### Exercise requirements
Emit all the data exactly as provided.

### Given information

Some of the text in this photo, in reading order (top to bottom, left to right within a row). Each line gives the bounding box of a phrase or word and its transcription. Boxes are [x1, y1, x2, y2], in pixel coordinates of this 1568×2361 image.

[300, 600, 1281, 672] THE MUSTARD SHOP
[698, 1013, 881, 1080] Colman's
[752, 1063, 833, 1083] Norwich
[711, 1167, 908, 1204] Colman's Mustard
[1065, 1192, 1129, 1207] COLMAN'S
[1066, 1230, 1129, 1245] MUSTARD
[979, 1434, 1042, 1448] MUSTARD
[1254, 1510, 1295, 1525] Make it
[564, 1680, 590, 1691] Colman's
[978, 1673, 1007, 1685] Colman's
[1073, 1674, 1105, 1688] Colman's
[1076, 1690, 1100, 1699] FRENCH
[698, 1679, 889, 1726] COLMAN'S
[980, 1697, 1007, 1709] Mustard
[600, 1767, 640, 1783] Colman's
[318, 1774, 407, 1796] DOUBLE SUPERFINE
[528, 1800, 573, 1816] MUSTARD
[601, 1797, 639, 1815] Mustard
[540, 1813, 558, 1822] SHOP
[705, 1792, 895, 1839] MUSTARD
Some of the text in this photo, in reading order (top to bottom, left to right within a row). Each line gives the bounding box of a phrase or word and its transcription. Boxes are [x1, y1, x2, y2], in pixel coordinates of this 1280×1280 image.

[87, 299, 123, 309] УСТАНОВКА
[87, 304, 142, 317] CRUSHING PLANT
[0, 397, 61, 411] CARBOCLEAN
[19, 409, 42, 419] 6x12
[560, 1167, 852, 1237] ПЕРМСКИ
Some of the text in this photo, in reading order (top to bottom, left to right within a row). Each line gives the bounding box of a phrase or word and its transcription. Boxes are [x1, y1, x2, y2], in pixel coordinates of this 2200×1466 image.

### Result
Some of the text in this photo, in reading order (top to bottom, left to right within a row). Each line gives the bounding box of a phrase or word and its transcription. Boxes are [x1, y1, x2, y2], in pixel coordinates of this 1568×2361 image.

[300, 600, 1281, 672] THE MUSTARD SHOP
[698, 1013, 881, 1080] Colman's
[752, 1063, 833, 1083] Norwich
[711, 1167, 908, 1204] Colman's Mustard
[1065, 1192, 1129, 1207] COLMAN'S
[1066, 1230, 1129, 1245] MUSTARD
[979, 1434, 1042, 1448] MUSTARD
[1254, 1510, 1295, 1525] Make it
[564, 1680, 590, 1691] Colman's
[978, 1673, 1007, 1685] Colman's
[1073, 1674, 1105, 1688] Colman's
[1076, 1690, 1100, 1699] FRENCH
[698, 1679, 889, 1726] COLMAN'S
[980, 1697, 1007, 1709] Mustard
[600, 1767, 640, 1783] Colman's
[318, 1774, 407, 1796] DOUBLE SUPERFINE
[528, 1800, 573, 1816] MUSTARD
[601, 1797, 639, 1815] Mustard
[540, 1813, 558, 1822] SHOP
[705, 1792, 895, 1839] MUSTARD
Some of the text in this photo, in reading order (top to bottom, left to right within a row). Each line gives the bounding box of a phrase or word and its transcription. Boxes are [x1, y1, x2, y2], in pixel coordinates of this 1280×1280 image.

[87, 299, 123, 309] УСТАНОВКА
[87, 304, 142, 317] CRUSHING PLANT
[0, 397, 61, 411] CARBOCLEAN
[19, 409, 42, 419] 6x12
[560, 1167, 852, 1237] ПЕРМСКИ
Some of the text in this photo, in reading order (top to bottom, left to right within a row). Each line gives the bounding box of a phrase or word and its transcription. Boxes are [x1, y1, x2, y2], in pixel coordinates of this 2200×1466 image.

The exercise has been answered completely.